Hablaba en susurros y anotó las señas con mayúsculas en el bloc que le había alcanzado Sejer.

– Estuvimos primero en la colina, volvimos a bajar, fuimos a la laguna de la Serpiente y echamos un vistazo en los senderos de por allí. También dimos una vuelta por el embalse, la tienda de Horgen y la playa del Cura. Y por la iglesia. Al final visitamos un par de granjas en Bjerkerud y el Centro Hípico. A Ragnhild le gustaban, eh…, quiero decir, le gustan mucho los animales.

El lapsus le hizo sonrojarse. Sejer le dio una ligera palmadita en el hombro.

– Siéntate Thorbjørn -exclamó señalando el sofá, donde había un sitio libre al lado de la señora Album. Ella ya se encontraba en otra fase, trabajaba enérgicamente con la vertiginosa posibilidad de que Ragnhild tal vez no volviera jamás y ella, su madre, se viera obligada a vivir el resto de su vida sin aquella niña de grandes ojos azules. Estos pensamientos le llegaban en pequeños pinchazos que ella saboreaba cuidadosamente. Estaba rígida, como si una viga de acero le atravesara la espalda. La mujer policía, que apenas había abierto la boca en el tiempo que llevaban allí, se incorporó lentamente. Por primera vez se atrevió a hacer una sugerencia.

– Señora Album -dijo en voz baja-. Déjeme preparar un poco de café.

La mujer asintió débilmente con la cabeza. Se levantó y siguió a la policía hasta la cocina. Se abrió el grifo y se oyó el tintineo de tazas.

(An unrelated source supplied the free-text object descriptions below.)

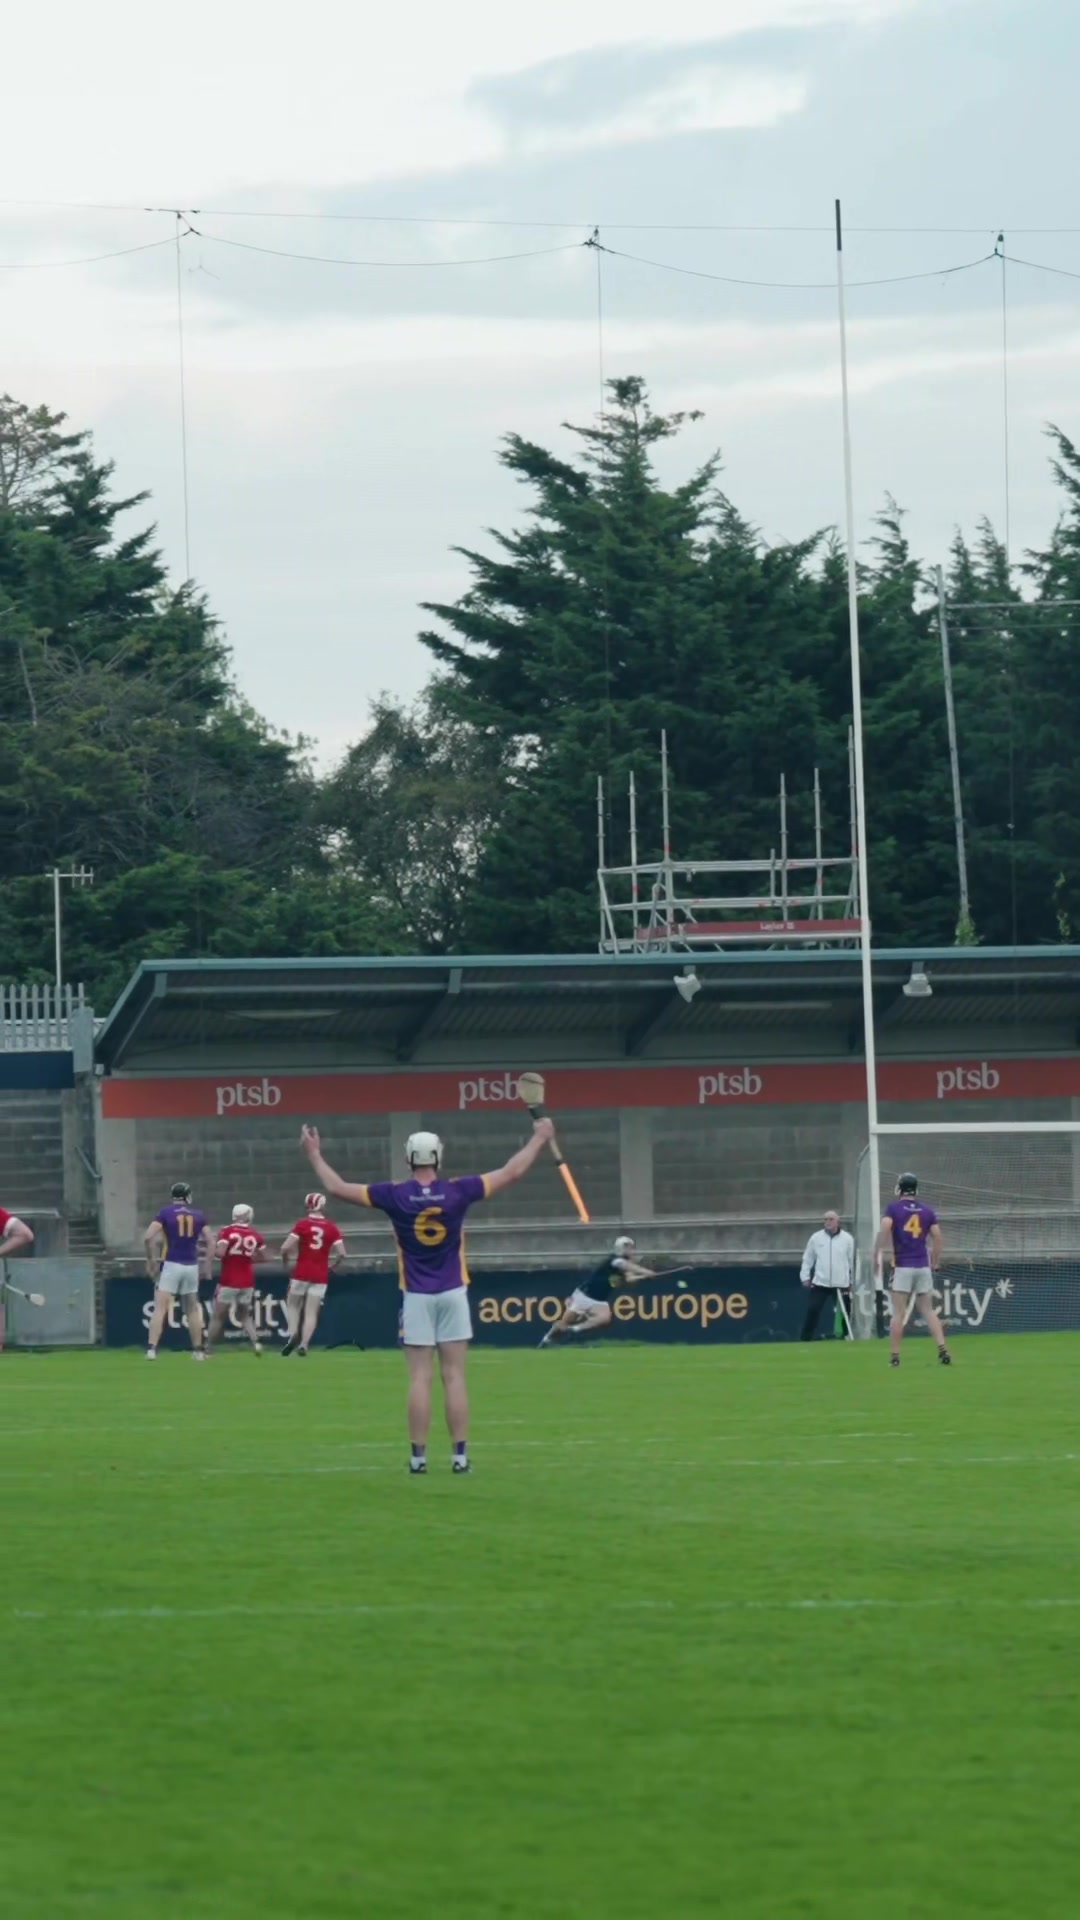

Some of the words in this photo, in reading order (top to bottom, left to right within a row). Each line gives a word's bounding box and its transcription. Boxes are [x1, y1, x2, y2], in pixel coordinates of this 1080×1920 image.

[216, 1078, 281, 1115] ptsb
[458, 1072, 521, 1110] ptsb
[698, 1067, 762, 1104] ptsb
[936, 1062, 1000, 1099] ptsb
[176, 1214, 194, 1237] 11
[309, 1226, 324, 1250] 3
[414, 1206, 447, 1246] 6
[903, 1213, 922, 1239] 4
[229, 1232, 257, 1256] 29
[479, 1296, 565, 1323] acro
[613, 1293, 748, 1328] europe

Sejer hizo una seña imperceptible a Karlsen con la cabeza en dirección a la entrada, donde se pusieron a murmurar en voz muy baja. Thorbjørn apenas veía la cabeza de Sejer y la punta negra y resplandeciente del zapato de Karlsen. En la penumbra podían mirar sus relojes sin que nadie los viera. Los miraron y se hicieron señas. La desaparición de Ragnhild ya iba en serio, habría que poner en marcha el gran aparato. Sejer se rascó el codo a través de la tela de la camisa.

– No soporto la idea de encontrarla en una cuneta.

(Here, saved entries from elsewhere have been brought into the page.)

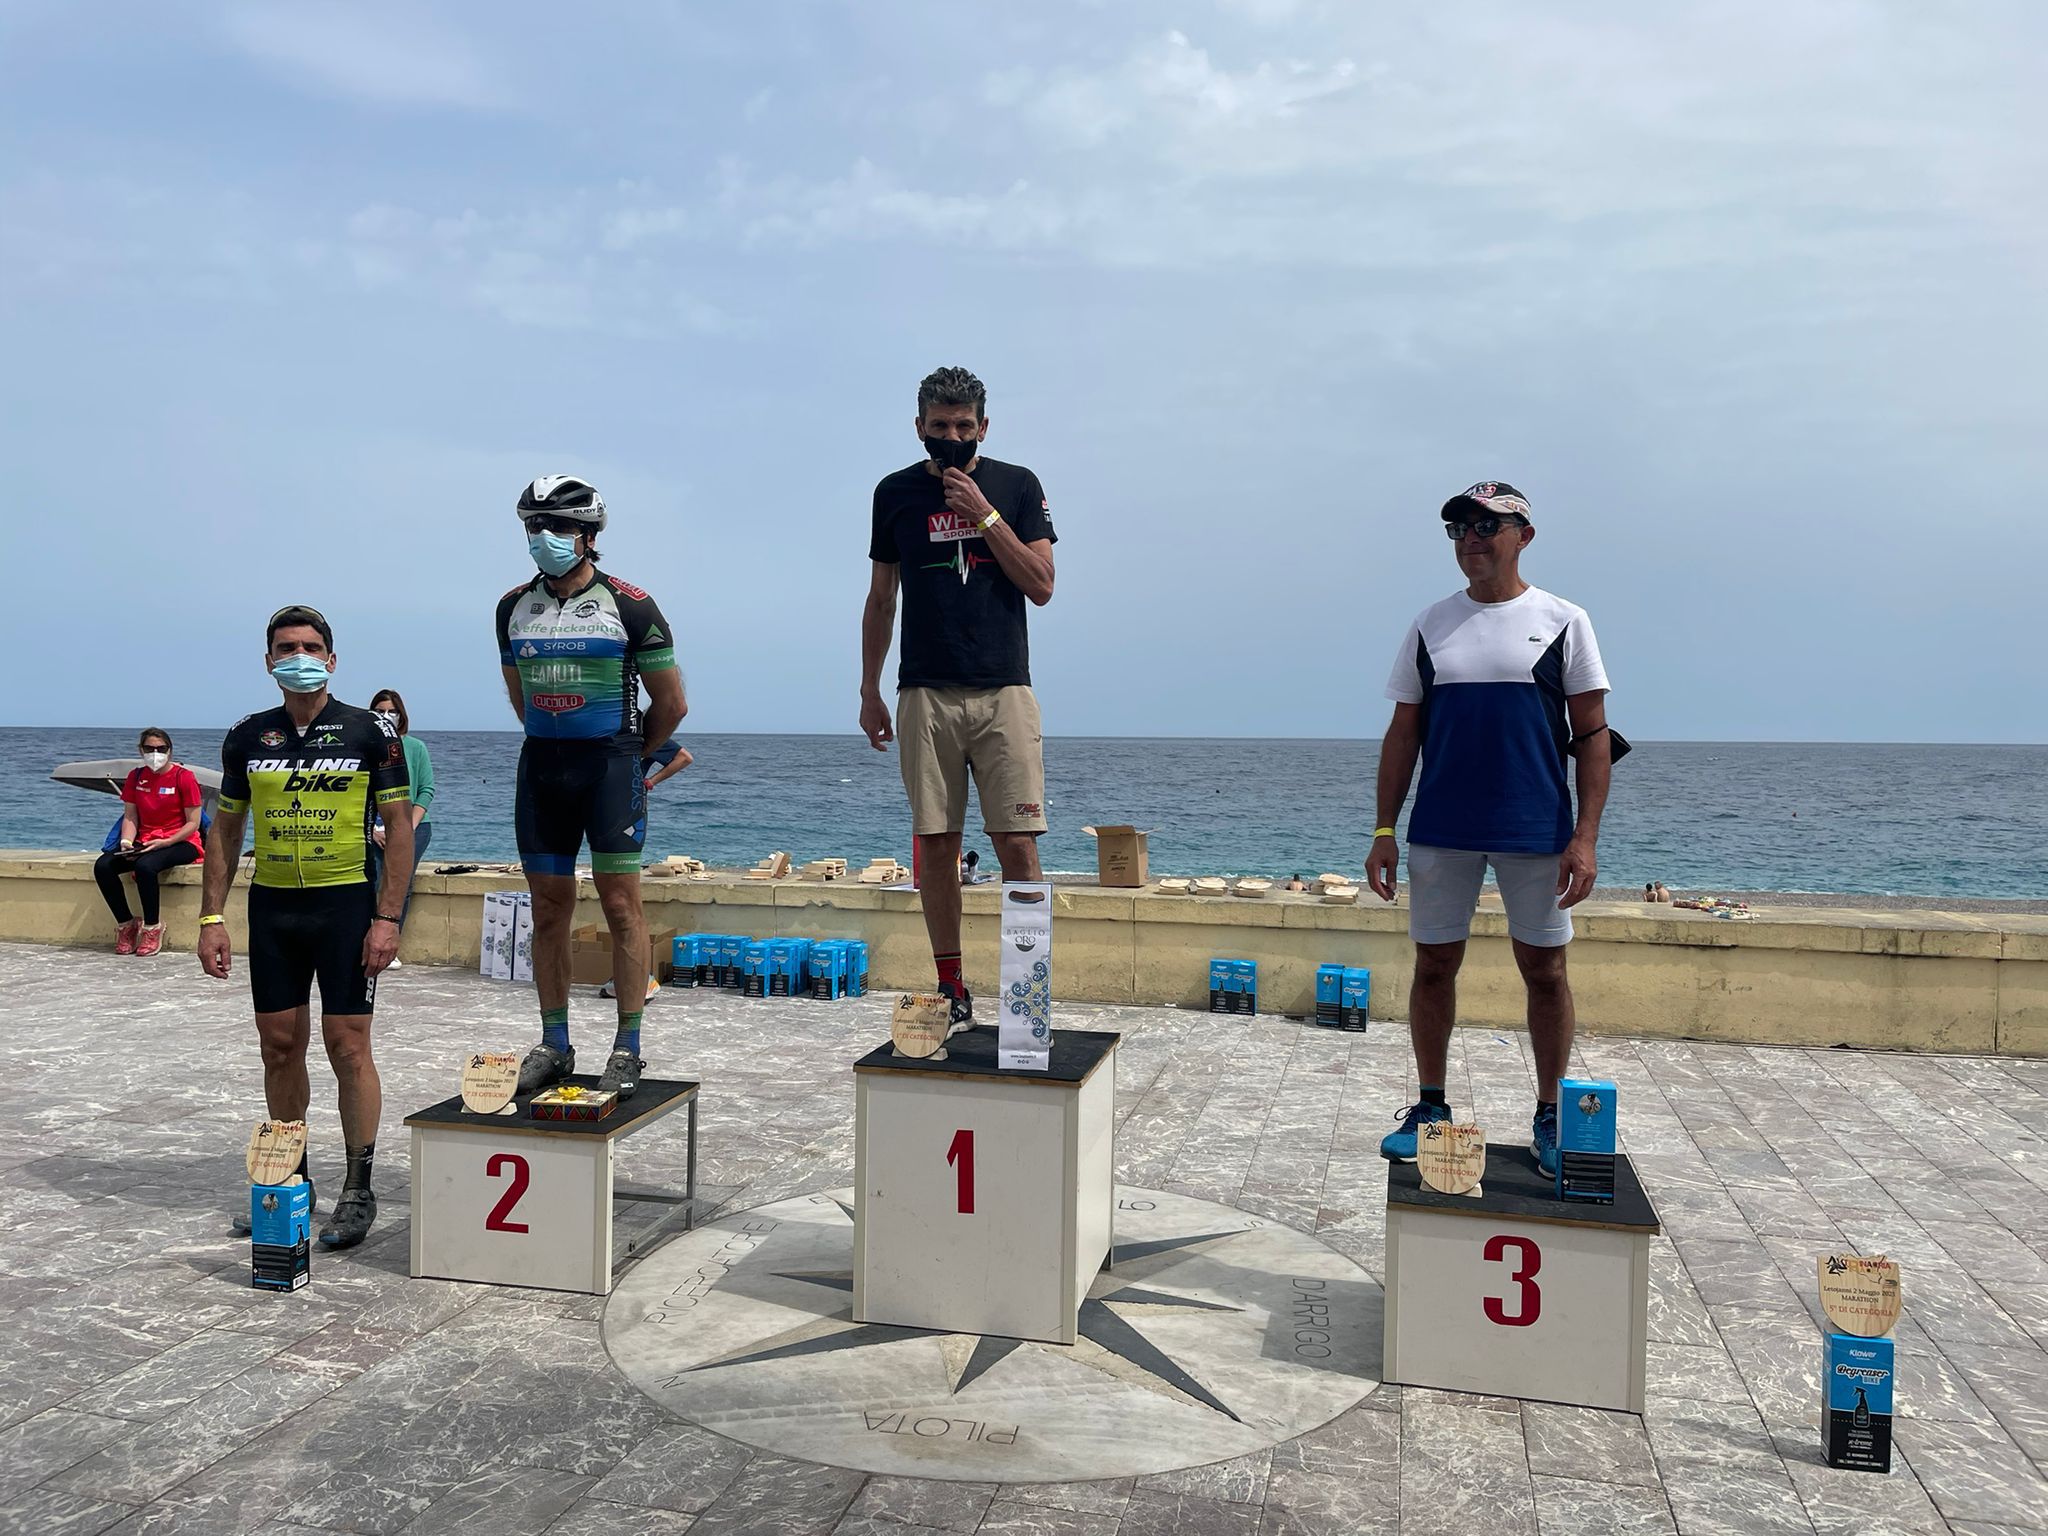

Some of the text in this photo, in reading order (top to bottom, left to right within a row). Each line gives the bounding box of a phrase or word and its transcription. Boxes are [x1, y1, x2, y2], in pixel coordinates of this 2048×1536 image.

[931, 514, 972, 532] WH
[943, 529, 978, 540] SPORT
[522, 623, 619, 637] effe packaging
[543, 641, 586, 651] SYROB
[246, 758, 361, 773] ROLLING
[265, 808, 337, 821] ecoenergy
[1006, 929, 1046, 937] BAGLIO
[1015, 935, 1036, 945] ORO
[946, 1129, 974, 1214] 1
[1440, 1167, 1478, 1177] CATEGORIA
[485, 1153, 530, 1234] 2
[1483, 1235, 1542, 1327] 3
[1841, 1294, 1880, 1304] MARATHON
[1858, 1288, 1880, 1297] Maggio
[1838, 1305, 1848, 1313] DI
[1849, 1306, 1894, 1317] CATEGORIA
[1292, 1278, 1332, 1359] D'ARRIGO
[1836, 1364, 1890, 1379] Degreaser
[654, 1375, 687, 1389] N
[863, 1411, 1020, 1446] PILOTA

Abrió la puerta con el fin de respirar un poco de aire fresco. Y allí estaba la niña. Con su chandal verde, en el primer escalón y con una manita blanca en la barandilla.

– ¿Ragnhild? -preguntó sorprendido.

Una feliz media hora más tarde, bajando en su coche por Skiferbakken, Sejer se pasó contento los dedos por el pelo. Karlsen pensó que su jefe, con el pelo recién cortado, parecía un cepillo de acero, de esos que se emplean para quitar pintura vieja. Los pronunciados rasgos de su rostro parecían más relajados de lo habitual. Al llegar a la mitad de la cuesta pasaron por la casa gris. Vieron la perrera y una cara en el cristal de la ventana. Si Helga Moen estaba esperando una visita de la policía, iba a llevarse una gran decepción. Ragnhild estaba sentada sobre las rodillas de su madre con un gran bocadillo en la mano.

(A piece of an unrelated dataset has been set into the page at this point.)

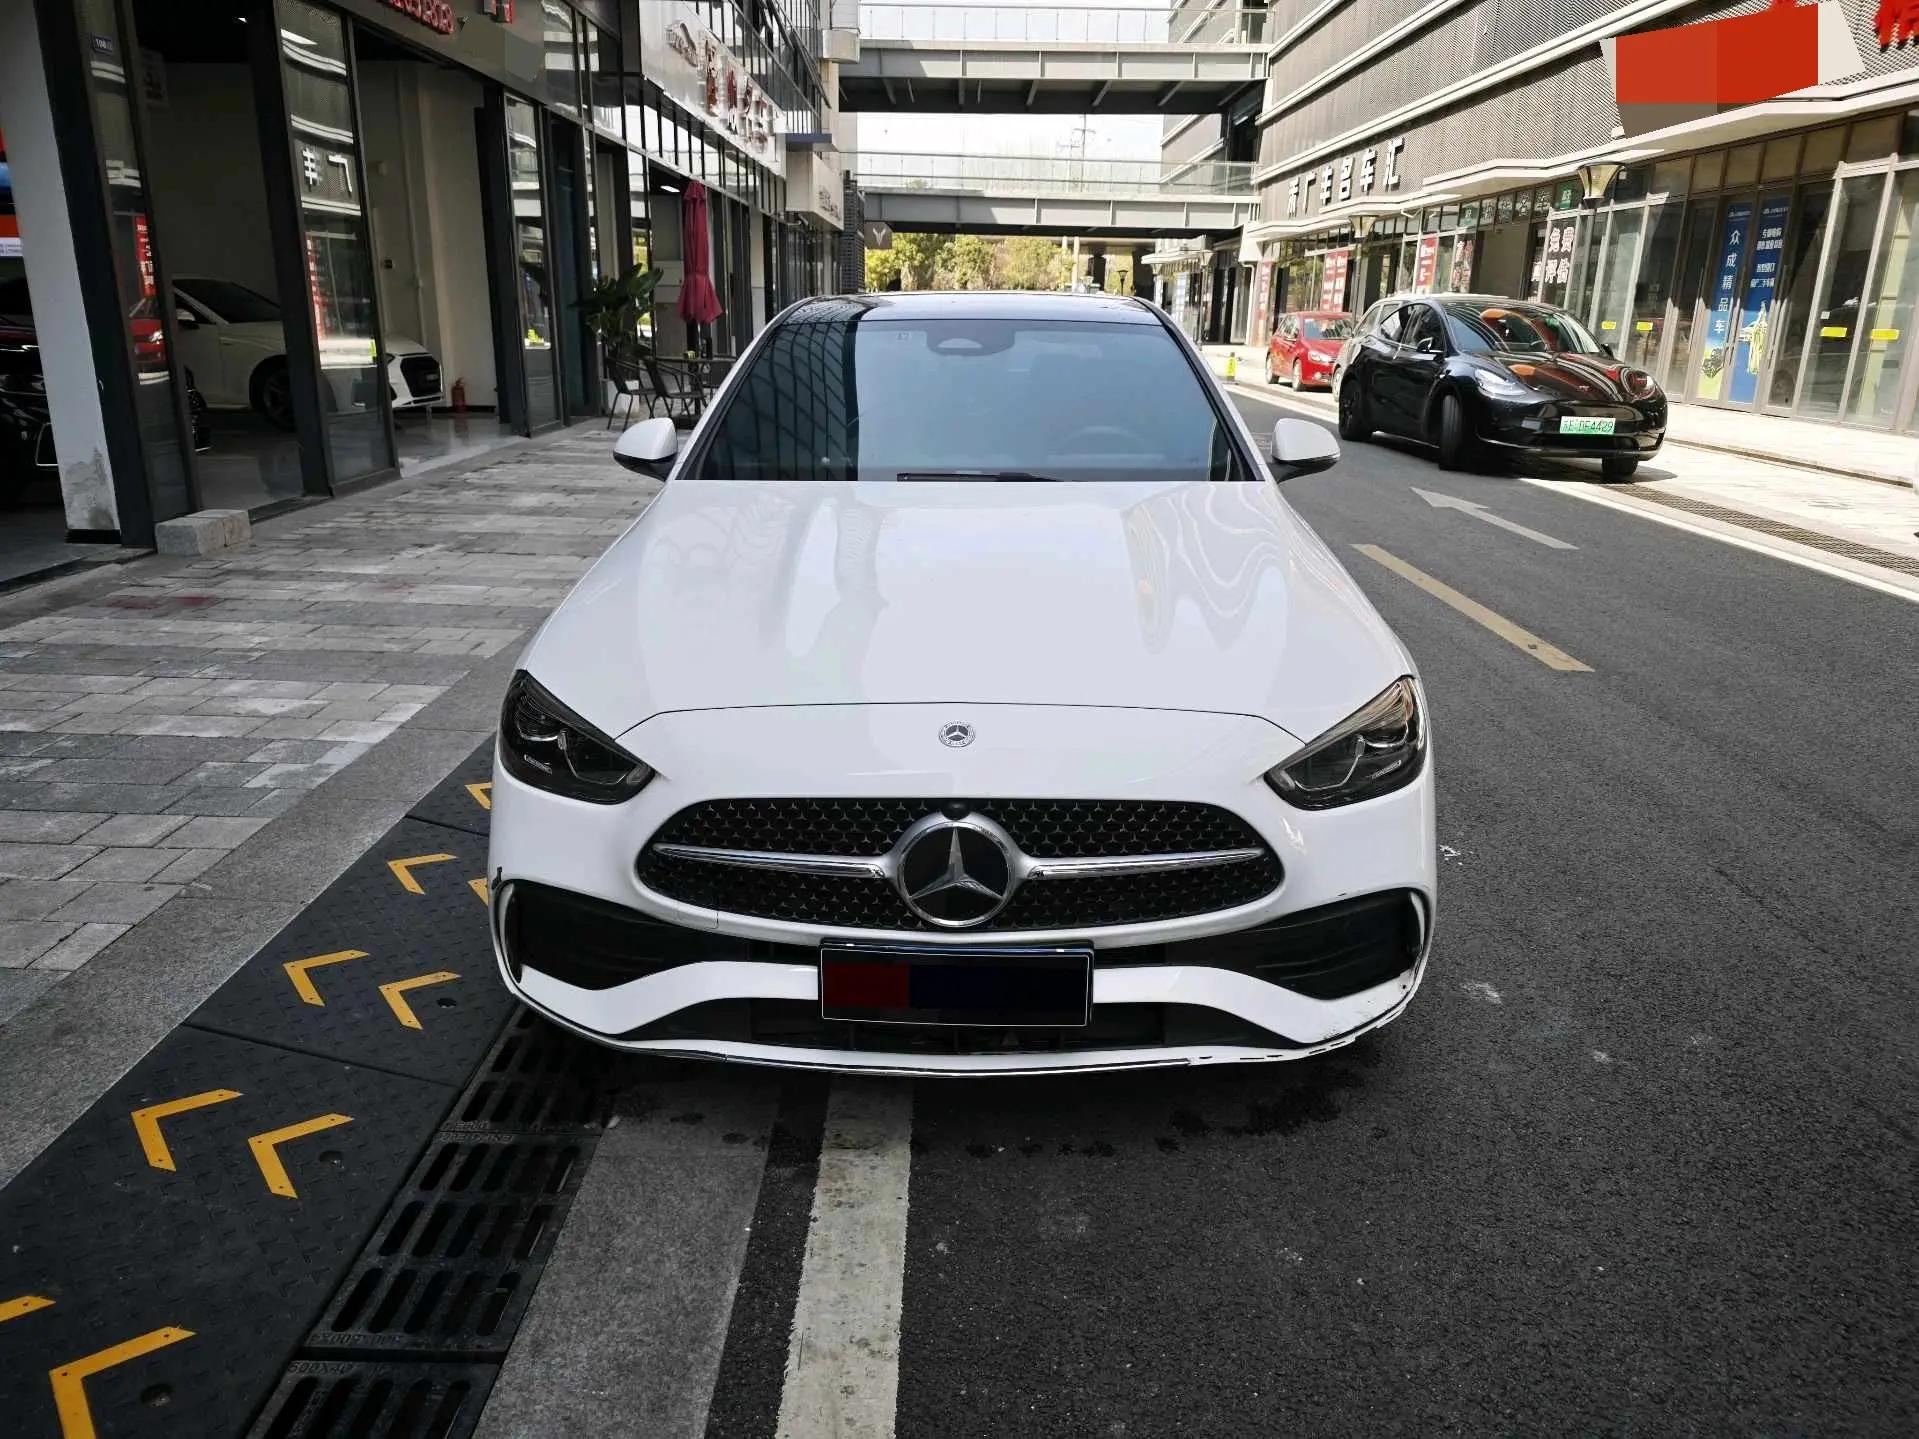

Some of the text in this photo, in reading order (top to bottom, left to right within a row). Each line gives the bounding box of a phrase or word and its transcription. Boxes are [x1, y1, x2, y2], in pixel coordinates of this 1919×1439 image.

[1713, 229, 1741, 334] 众成精品车

Ese momento en que la niña había entrado tranquilamente en el cuarto de estar se había quedado grabado en la memoria de los dos hombres. La madre, al oír la fina voz de la pequeña, salió disparada de la cocina y se lanzó encima de su hija, rápida como una fiera que agarra a su presa y no la suelta por nada del mundo. Ragnhild estaba como dentro de una trampa de zorros. Los delgados brazos y piernas y el escaso pelo blanco se veían dispersos entre los sólidos brazos de su madre. Y así se quedaron. De ninguna de ellas salía ni un sonido, ni un sollozo.Thorbjørn seguía jugueteando con el teléfono móvil, la mujer policía hacía ruido con las tazas y Karlsen se retorcía el bigote una y otra vez, mientras una feliz sonrisa se dibujaba en su rostro. La habitación se iluminó, como si el sol penetrara de repente por la ventana. Y luego llegó por fin una mezcla de risas y sollozos:

– ¡eres una niña malísima!

– He estado pensando -dijo Sejer carraspeando-, en tomarme una semana de vacaciones. Todavía me quedan algunos días.

Karlsen se balanceó al pasar por un badén.

– ¿Para qué quieres una semana de vacaciones? ¿Para hacer paracaidismo en Florida?

– Había pensado bajar a la cabaña.

– Está en Brevik, ¿no?

– En la isla de Sand.

Se internaron en la carretera nacional y aceleraron.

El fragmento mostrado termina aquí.